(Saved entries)
==================================================

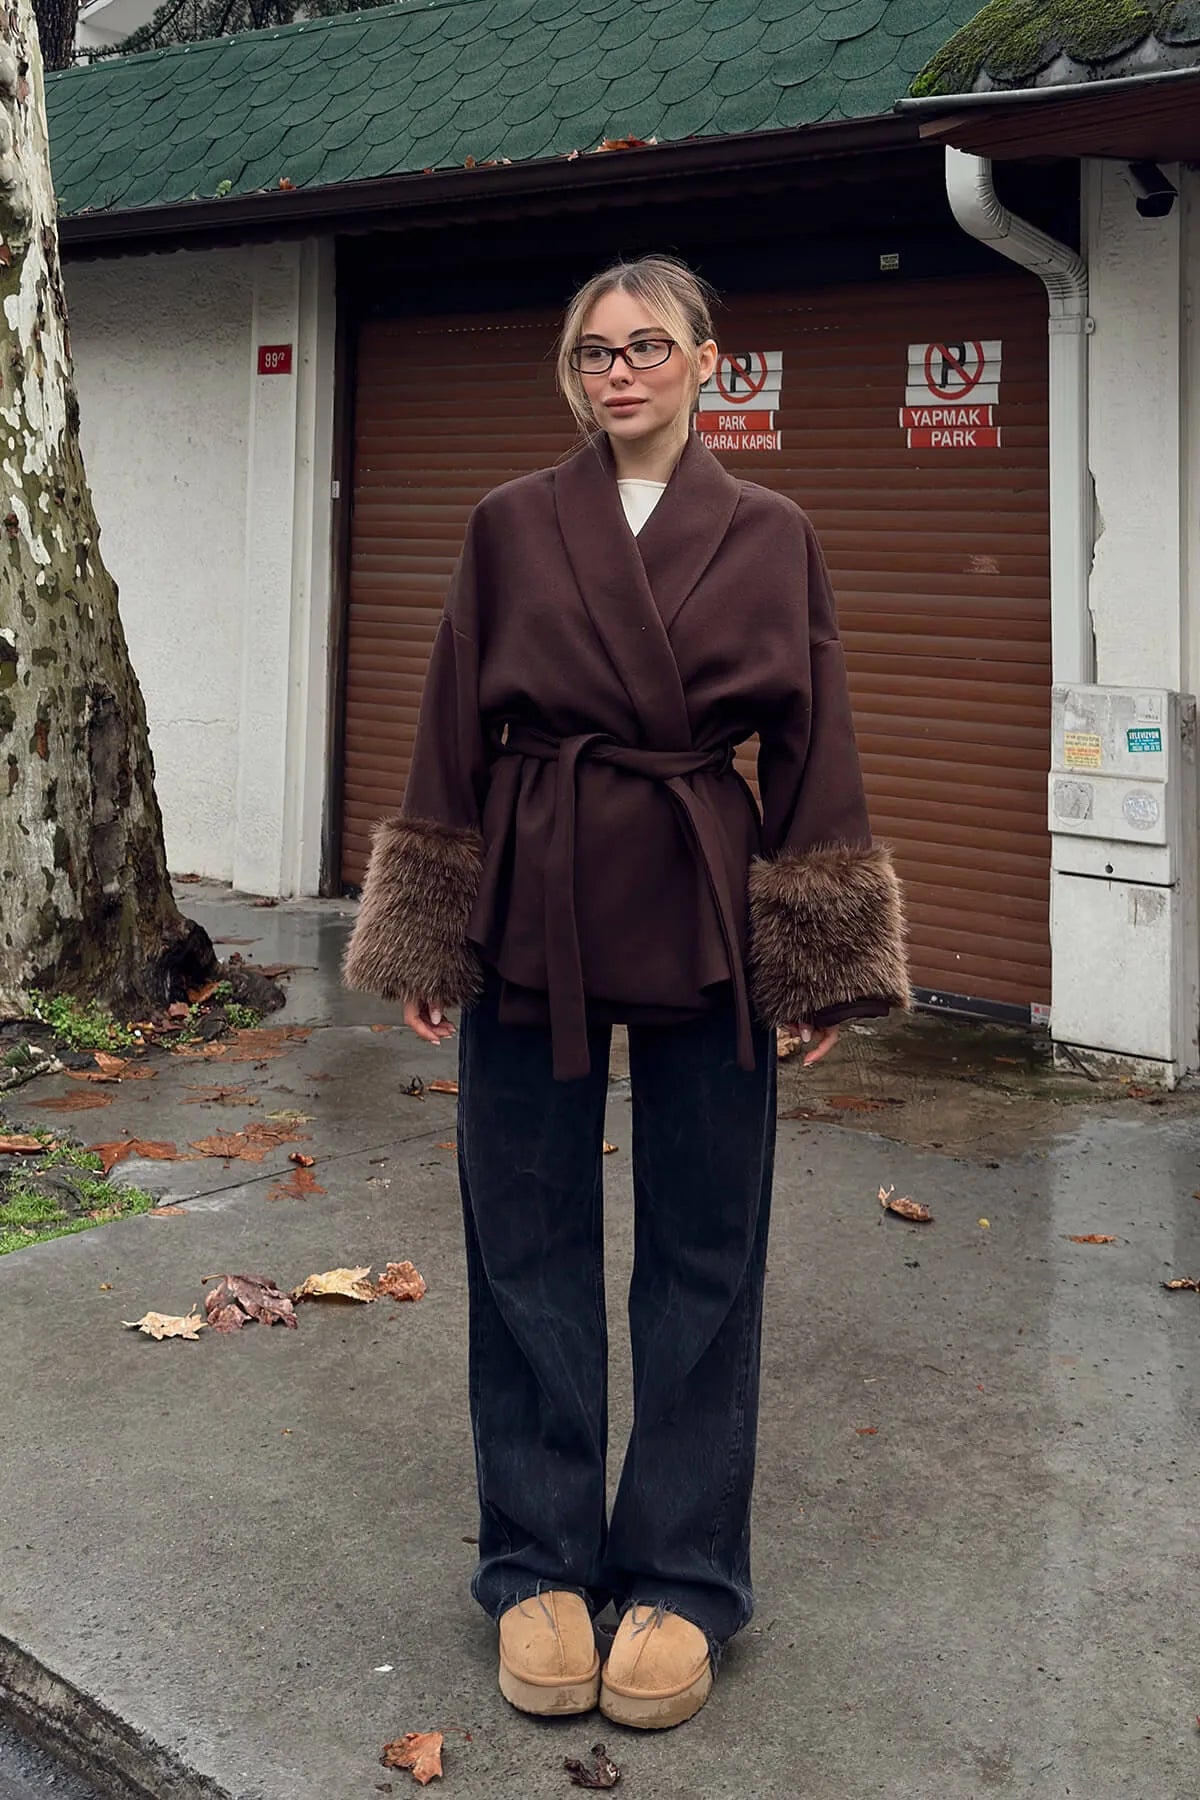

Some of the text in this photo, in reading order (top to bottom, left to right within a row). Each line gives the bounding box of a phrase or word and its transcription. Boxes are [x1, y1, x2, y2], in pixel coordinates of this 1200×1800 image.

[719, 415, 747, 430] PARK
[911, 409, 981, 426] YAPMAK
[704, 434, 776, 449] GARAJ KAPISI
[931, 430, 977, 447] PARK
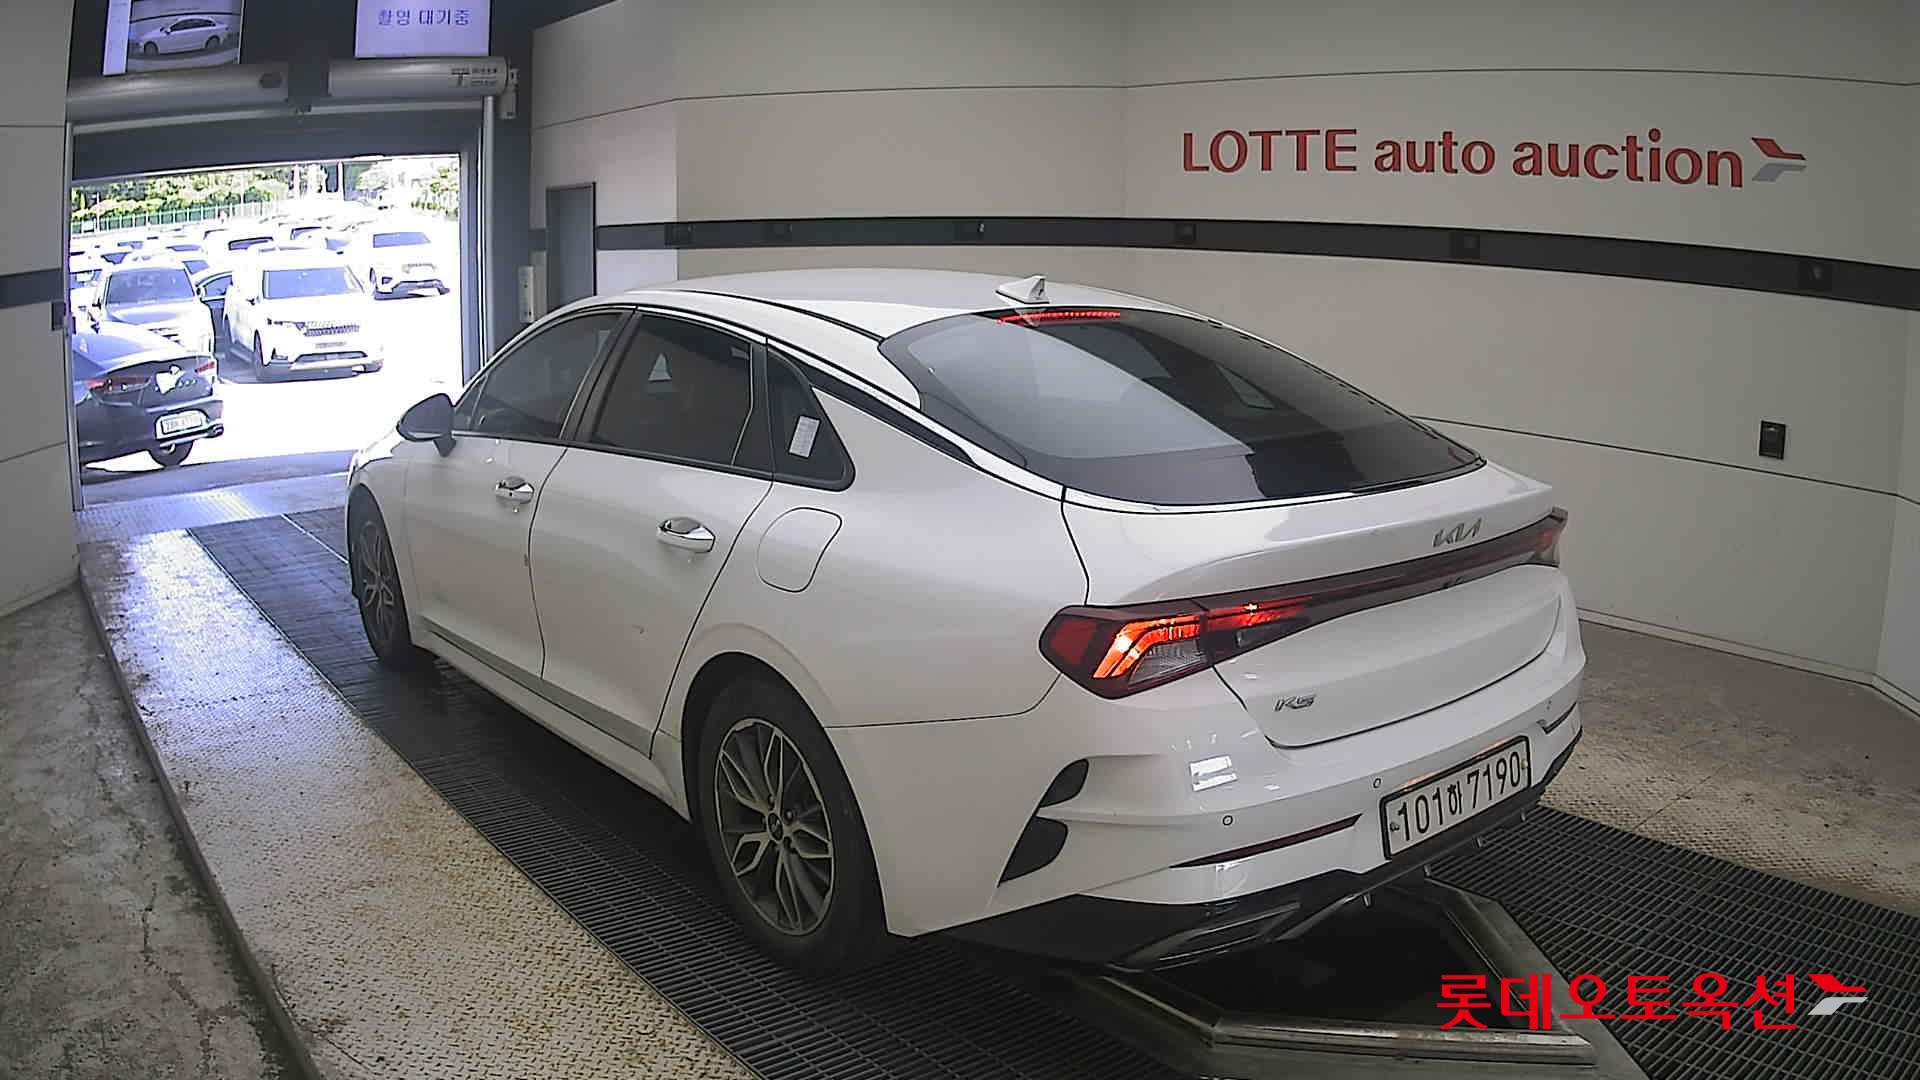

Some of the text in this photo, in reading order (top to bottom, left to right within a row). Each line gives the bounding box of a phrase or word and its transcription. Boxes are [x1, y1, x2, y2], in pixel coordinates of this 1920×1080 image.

==================================================

## Activity
Your task is to repeat the entries above exactly, omitting the pictures.

## Task result
Some of the text in this photo, in reading order (top to bottom, left to right within a row). Each line gives the bounding box of a phrase or word and its transcription. Boxes are [x1, y1, x2, y2], in pixel coordinates of this 1200×1800 image.

[719, 415, 747, 430] PARK
[911, 409, 981, 426] YAPMAK
[704, 434, 776, 449] GARAJ KAPISI
[931, 430, 977, 447] PARK

Some of the text in this photo, in reading order (top to bottom, left to right within a row). Each line gives the bounding box of a phrase or word and its transcription. Boxes are [x1, y1, x2, y2], in pixel coordinates of this 1920×1080 image.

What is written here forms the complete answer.